Dataset excerpts:
═══

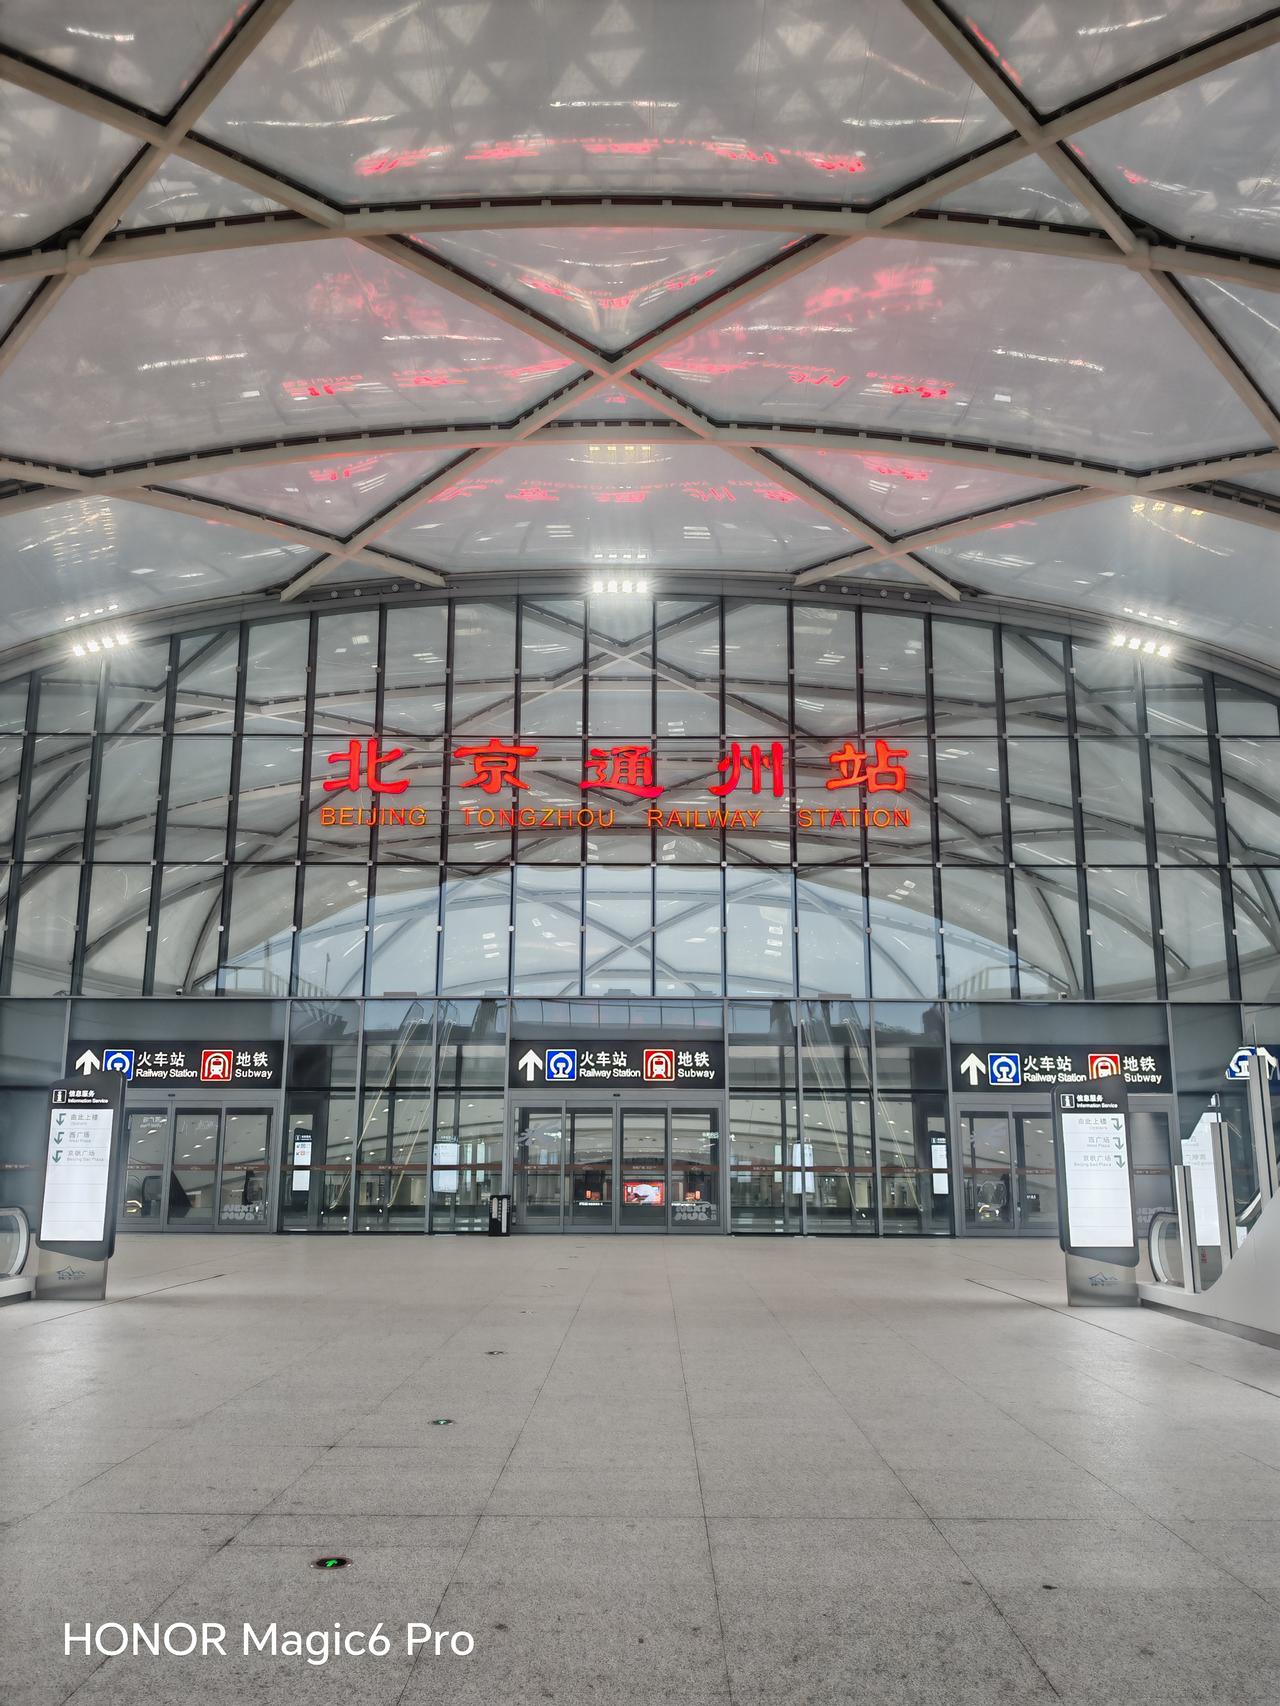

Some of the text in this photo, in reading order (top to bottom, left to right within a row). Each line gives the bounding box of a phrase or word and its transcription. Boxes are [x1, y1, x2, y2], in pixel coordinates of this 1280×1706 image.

[323, 738, 909, 798] 北京通州站
[320, 806, 911, 828] BEIJING TONGZHOU RAILWAY STATION
[138, 1052, 186, 1067] 火车站
[236, 1051, 269, 1067] 地铁
[579, 1051, 628, 1067] 火车站
[677, 1051, 710, 1067] 地铁
[1023, 1055, 1072, 1072] 火车站
[1123, 1055, 1156, 1072] 地铁
[136, 1069, 198, 1080] Railway Station
[234, 1069, 273, 1080] Subway
[579, 1068, 641, 1079] Railway Station
[677, 1069, 715, 1080] Subway
[1023, 1073, 1087, 1084] Railway Station
[1124, 1073, 1162, 1084] Subway
[68, 1089, 96, 1097] 信息服务
[1076, 1094, 1104, 1102] 信息服务

═══

▶ WORK REQUIRED
The response should repeat every entry above exactly and include none of the pictures.

▶ COMPLETED TASK
Some of the text in this photo, in reading order (top to bottom, left to right within a row). Each line gives the bounding box of a phrase or word and its transcription. Boxes are [x1, y1, x2, y2], in pixel coordinates of this 1280×1706 image.

[323, 738, 909, 798] 北京通州站
[320, 806, 911, 828] BEIJING TONGZHOU RAILWAY STATION
[138, 1052, 186, 1067] 火车站
[236, 1051, 269, 1067] 地铁
[579, 1051, 628, 1067] 火车站
[677, 1051, 710, 1067] 地铁
[1023, 1055, 1072, 1072] 火车站
[1123, 1055, 1156, 1072] 地铁
[136, 1069, 198, 1080] Railway Station
[234, 1069, 273, 1080] Subway
[579, 1068, 641, 1079] Railway Station
[677, 1069, 715, 1080] Subway
[1023, 1073, 1087, 1084] Railway Station
[1124, 1073, 1162, 1084] Subway
[68, 1089, 96, 1097] 信息服务
[1076, 1094, 1104, 1102] 信息服务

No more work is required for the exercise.